Mathematical Foundations of Machine Learning

Machine learning might seem like magic, but it's built on solid mathematical foundations. Understanding these concepts isn't just academic—it's the key to building better models, debugging problems, and pushing the field forward.

Why Mathematics Matters in ML

Before diving into specific topics, let's understand why mathematics is crucial:

Model Design: Math helps us understand what models can and cannot do
Optimization: We need calculus to train models efficiently
Uncertainty: Probability theory helps us handle noisy, incomplete data
Dimensionality: Linear algebra lets us work with high-dimensional data

Linear Algebra: The Language of Data

Linear algebra is everywhere in machine learning.
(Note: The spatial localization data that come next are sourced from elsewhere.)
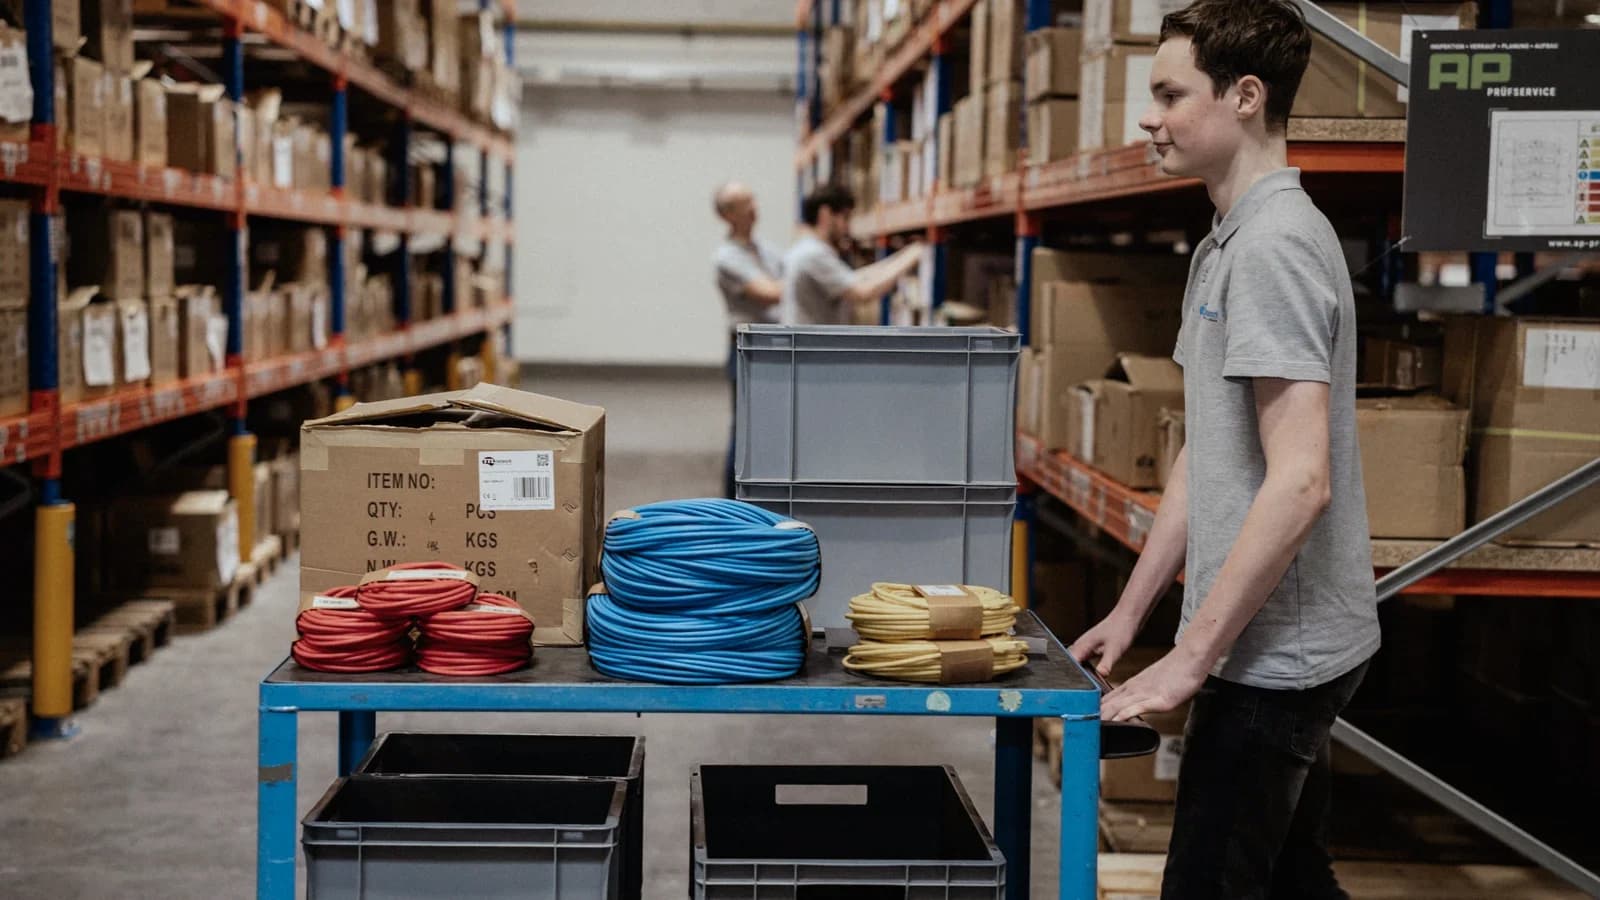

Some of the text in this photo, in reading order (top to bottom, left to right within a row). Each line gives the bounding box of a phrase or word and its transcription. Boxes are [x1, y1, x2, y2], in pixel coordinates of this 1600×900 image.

[1429, 53, 1512, 90] AP
[1486, 86, 1556, 97] PRÜFSERVICE
[367, 472, 435, 490] ITEM NO:
[367, 501, 496, 519] QTY: PCS
[367, 530, 406, 547] G.W.:
[466, 531, 498, 548] KGS
[464, 560, 496, 577] KGS
From representing data as vectors to understanding neural network transformations, it's fundamental.

Vectors and Matrices

import numpy as np

# Data as vectors
x = np.array([1.5, 2.3, 0.8])  # A data point
X = np.array([[1.5, 2.3, 0.8],  # Dataset as matrix
              [2.1, 1.9, 1.2],
              [0.9, 3.1, 0.5]])

# Matrix operations
W = np.array([[0.5, 0.3],     # Weight matrix
              [0.2, 0.8],
              [0.1, 0.4]])

# Linear transformation
output = X @ W  # Matrix multiplication
print(f"Transformed data shape: {output.shape}")

Eigenvalues and Eigenvectors

These are crucial for understanding Principal Component Analysis (PCA):

# Compute covariance matrix
cov_matrix = np.cov(X.T)

# Find eigenvalues and eigenvectors
eigenvalues, eigenvectors = np.linalg.eig(cov_matrix)

print(f"Eigenvalues: {eigenvalues}")
print(f"Principal component: {eigenvectors[:, 0]}")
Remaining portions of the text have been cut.